To illustrate this point, we present a developmental framework (See Figure 6) that expands on a model identifying relationship between childhood mental ability and survival.⁹⁵ In our model, educational attainment is influenced by pre-education factors that contribute to cognitive development such as genetics, parental socioeconomic status (SES) and socioemotional influences. Brain development is an unmeasured baseline factor that influences access to early education and the ability to profit from education. Adult SES is a post-education factor, strongly related to educational attainment (particularly in developed regions). Adult SES, in turn, is associated with environments, such as occupation or exposure to toxins, and to behaviors such as diet, exercise, and lifestyle. In this model, level of education does not affect risk for dementia directly, but it affects (and is affected by) a multitude of factors across the lifespan.

FIGURE 6.

Lifespan Developmental Model for a Relationship between Education and Dementia. (Note. Adapted from Deary IJ, Whiteman MC, Starr JM, et al. The impact of childhood intelligence on later life: following up the Scottish mental surveys of 1932 and 1947. J Pers Soc Psychol. 2004;86:130–147 Copyright 2004 by the American Psychological Association)
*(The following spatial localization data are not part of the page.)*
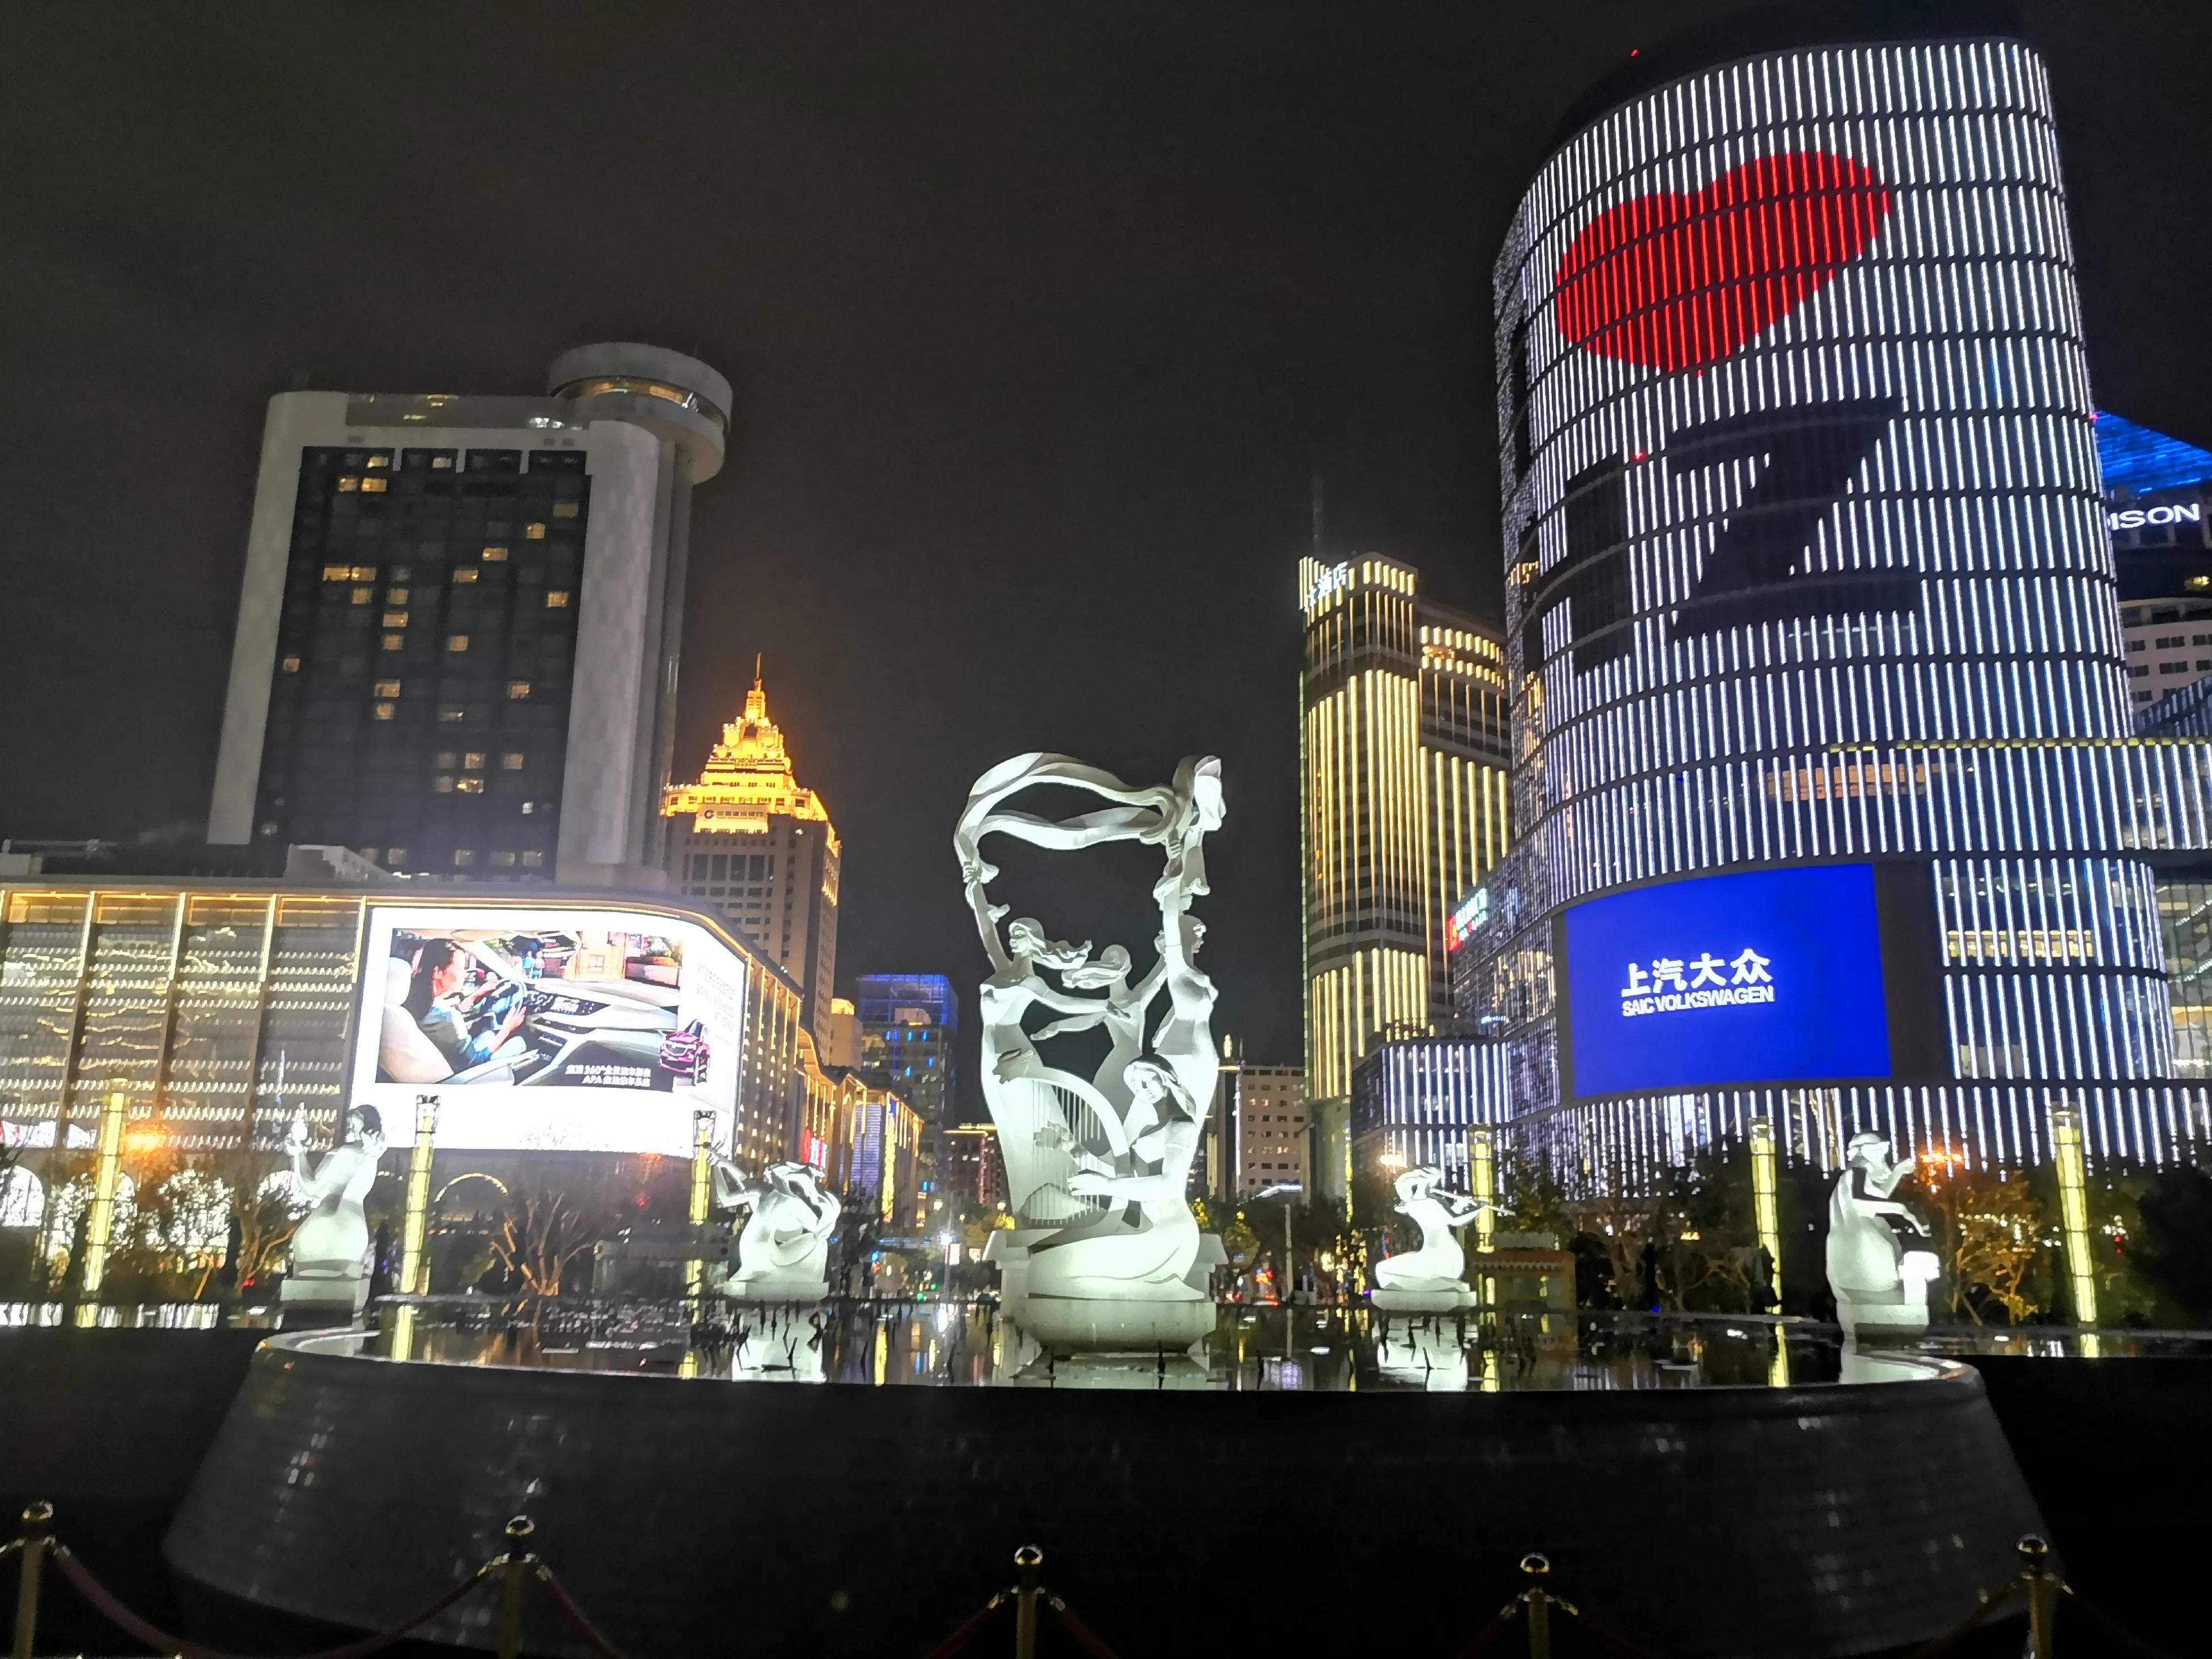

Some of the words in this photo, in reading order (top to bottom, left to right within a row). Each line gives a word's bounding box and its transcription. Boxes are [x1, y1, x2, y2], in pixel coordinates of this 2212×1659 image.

[2107, 503, 2200, 530] ISON
[1621, 948, 1773, 997] 上汽大众
[1623, 997, 1655, 1017] SAIC
[1654, 985, 1775, 1012] VOLKSWAGEN
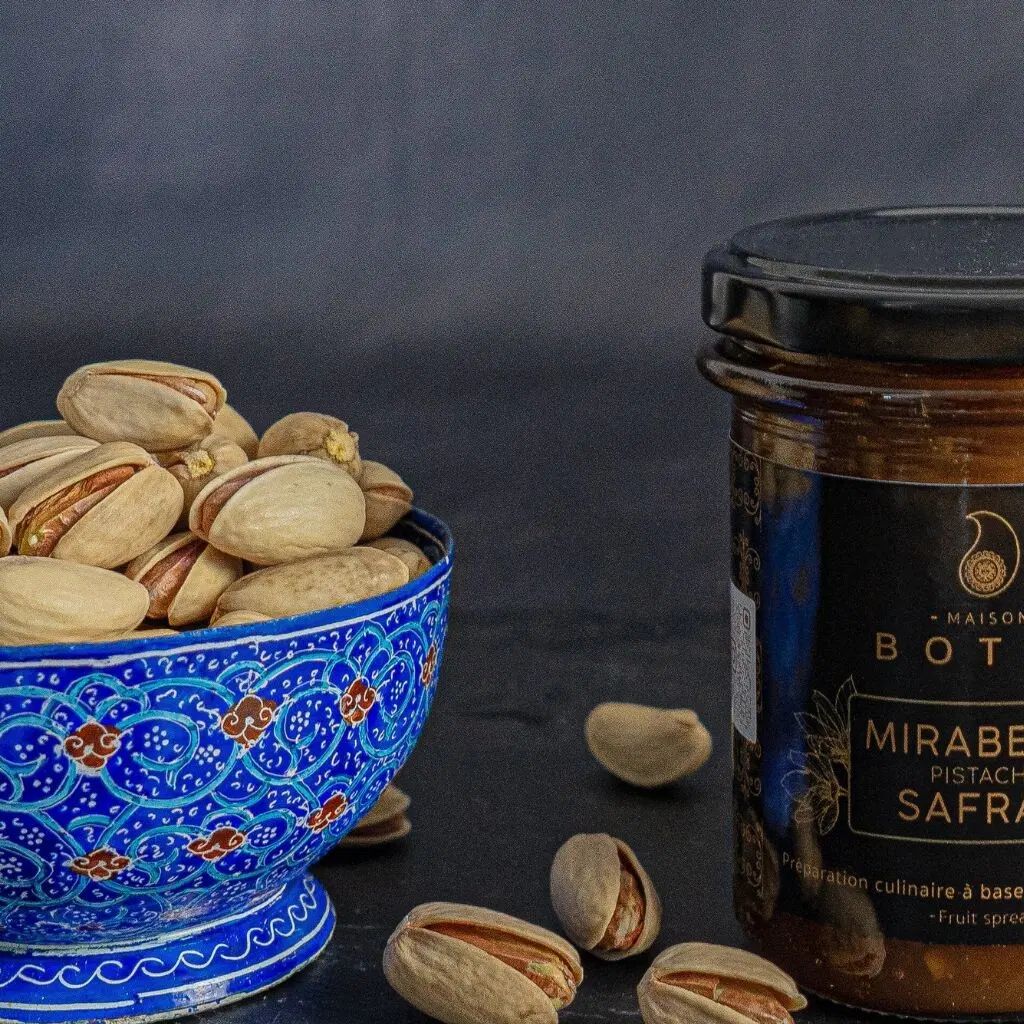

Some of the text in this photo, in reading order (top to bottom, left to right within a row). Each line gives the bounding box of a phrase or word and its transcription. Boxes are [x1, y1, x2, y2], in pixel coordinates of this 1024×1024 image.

[781, 851, 869, 890] Préparation
[874, 878, 955, 900] culinaire
[962, 882, 973, 900] à
[980, 883, 1024, 900] base
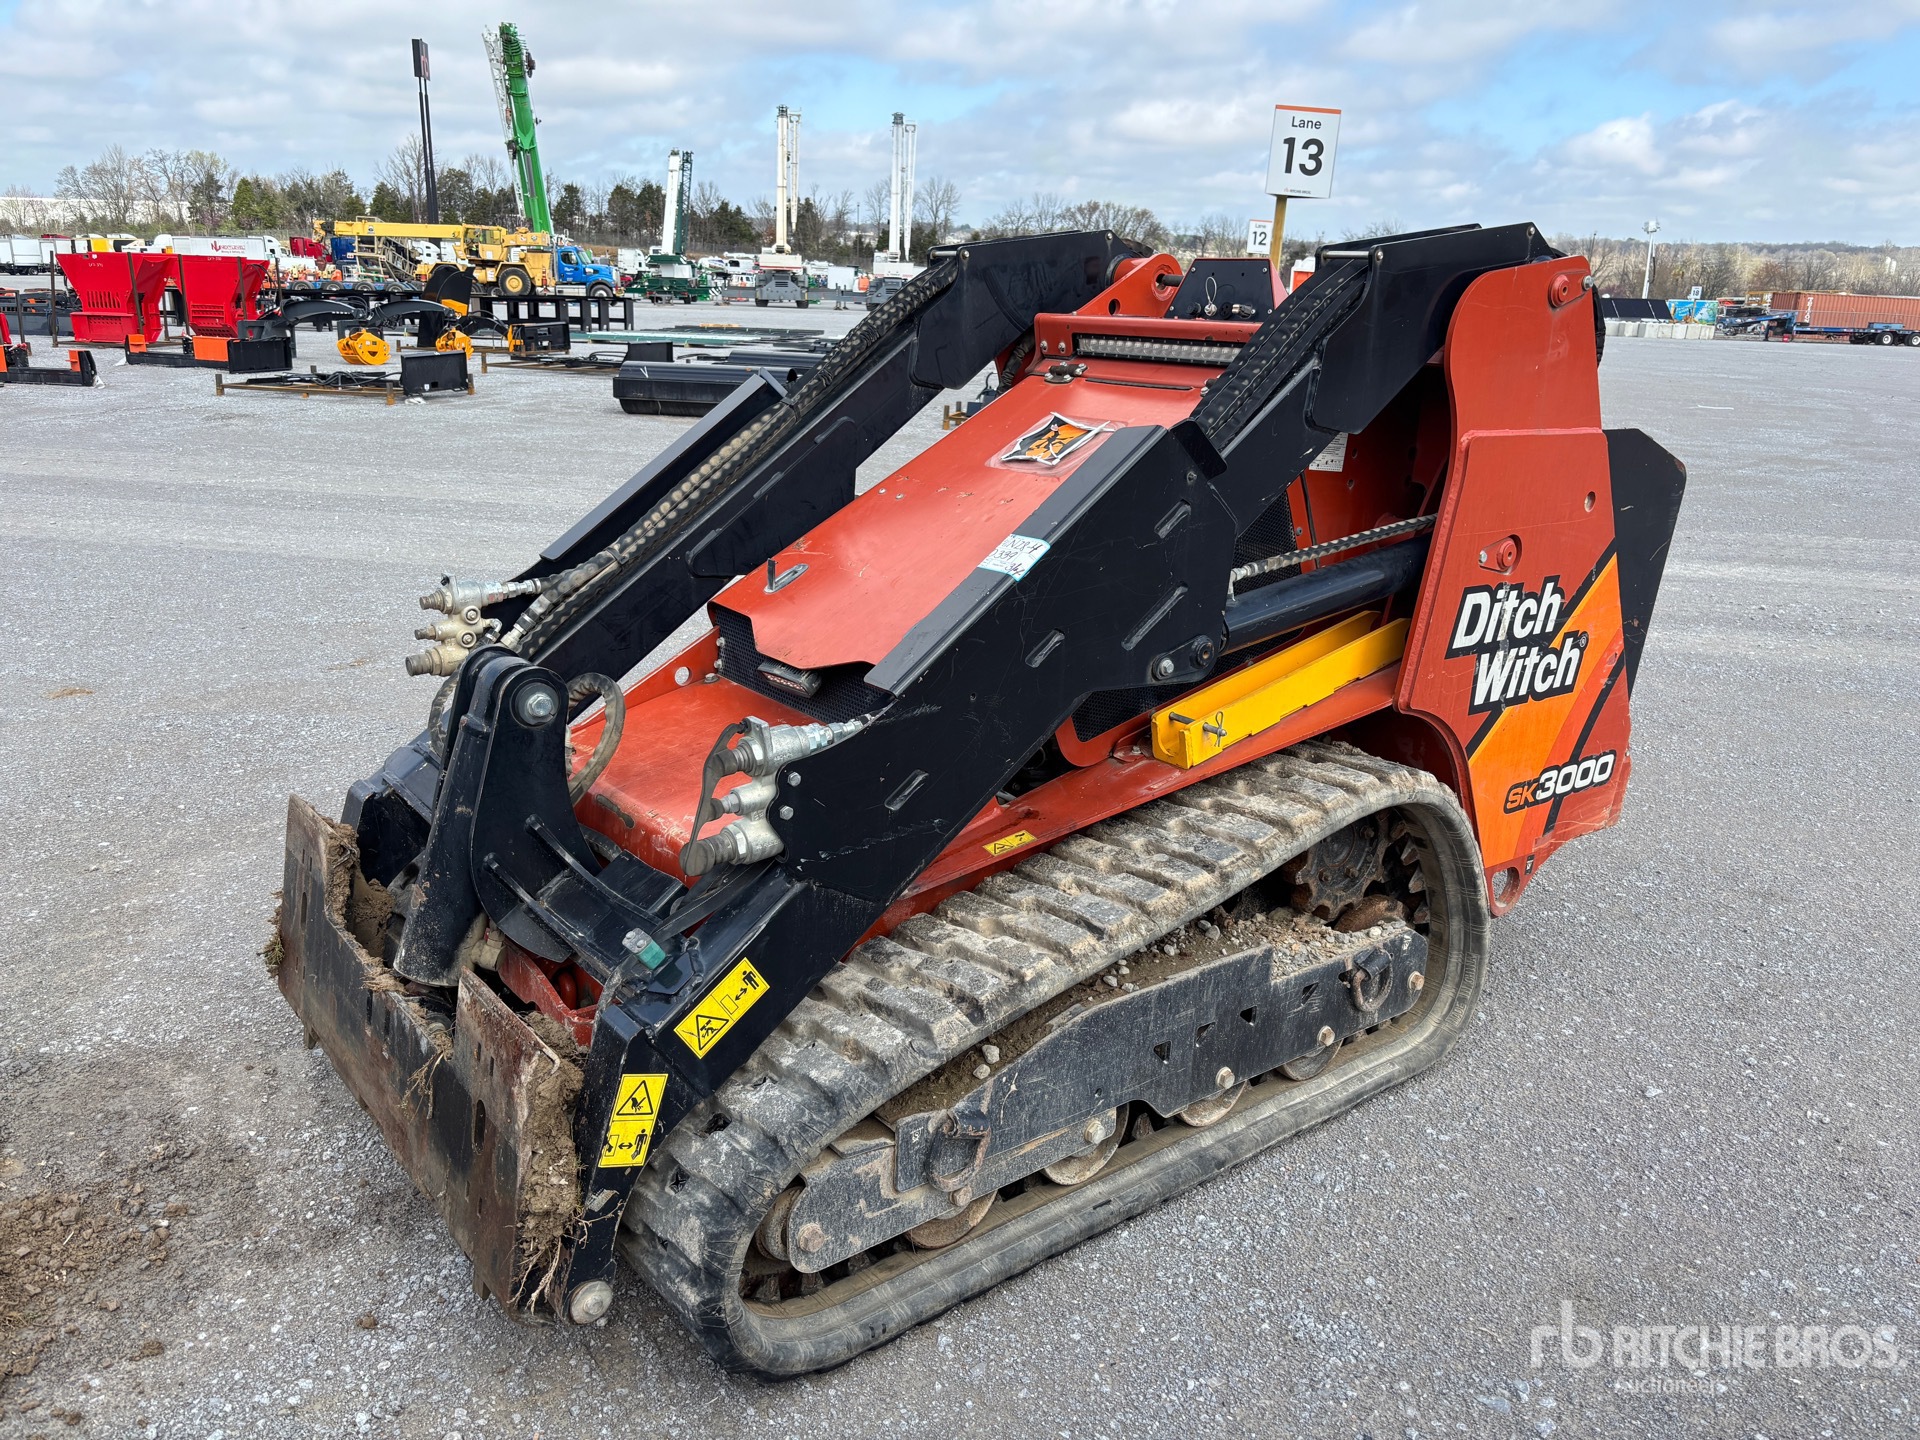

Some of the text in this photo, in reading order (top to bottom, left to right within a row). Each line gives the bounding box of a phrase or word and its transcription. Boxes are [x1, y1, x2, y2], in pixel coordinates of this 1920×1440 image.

[1291, 115, 1322, 130] Lane
[1283, 136, 1324, 176] 13
[1252, 231, 1267, 246] 12
[1452, 582, 1562, 649] Ditch
[1506, 754, 1615, 810] SK3000
In support of the cognitive reserve theory, it seems that low education has a stronger association with dementia when education is reflective of cognitive capacity rather than privilege and when low education is associated with other risk factors across the lifespan. However, the amount of education that is subsequently associated with a statistical risk for dementia is contingent on an individual’s environment and can vary greatly across populations, cohorts, gender and race/ethnicity. Finally, educational attainment is not a static event. It seems that for some individuals, years of education may correspond to a greater interest in learning or a tendency to seek out cognitively stimulating activities across the lifespan. For other individuals, years of formal education tells us little about their subsequent cognitive endeavors.

STRENGTHS AND LIMITATIONS

We attempted to be as inclusive as possible in this review covering the last 25 years of the literature. We included both prevalence and incidence studies and did not exclude case-control studies or studies with small sample sizes. However, it is possible that relevant studies were excluded because of how dementia was diagnosed or how the data were reported. As with any review, negative publication bias is an important consideration. It may be that some studies did not find an association between education and dementia and these nonsignificant findings were not reported in a published paper. Any exclusion of nonsignificant findings would warrant an even more cautious discussion of the association between education and dementia. Methodological challenges to this current review included the multiple and potentially conflicting results due to how education was defined and analyzed, multiple dementia outcomes, and varied study populations. Because it was difficult to summarize across such diverse studies, we employed a count system to examine study results. We acknowledge that this approach does not give a statistical account of the association between education and dementia. However, it seemed important to clearly present the pattern of study results across and within this diverse group of study populations.

CONCLUSION

Overall, the results of this review suggest that the education-dementia relationship may be more complex than previously suggested in the aging literature. The results suggest that lower education is associated with an increased risk for dementia for some but not all studies. Further, the level of education that was most associated with dementia risk varied considerably by study region as well as by age, gender, and race/ethnicity. We did not find clear evidence that prevalence studies reported stronger or more consistent significant effects of education on risk for dementia compared to incidence studies. The existence of an education-dementia relationship seems strongly tied to the unique demands of an individual’s environment. We suggest that education is best described as a proxy for a trajectory of life events, beginning prior to and extending beyond the years of formal education, that either increase or decrease an individual’s risk for dementia.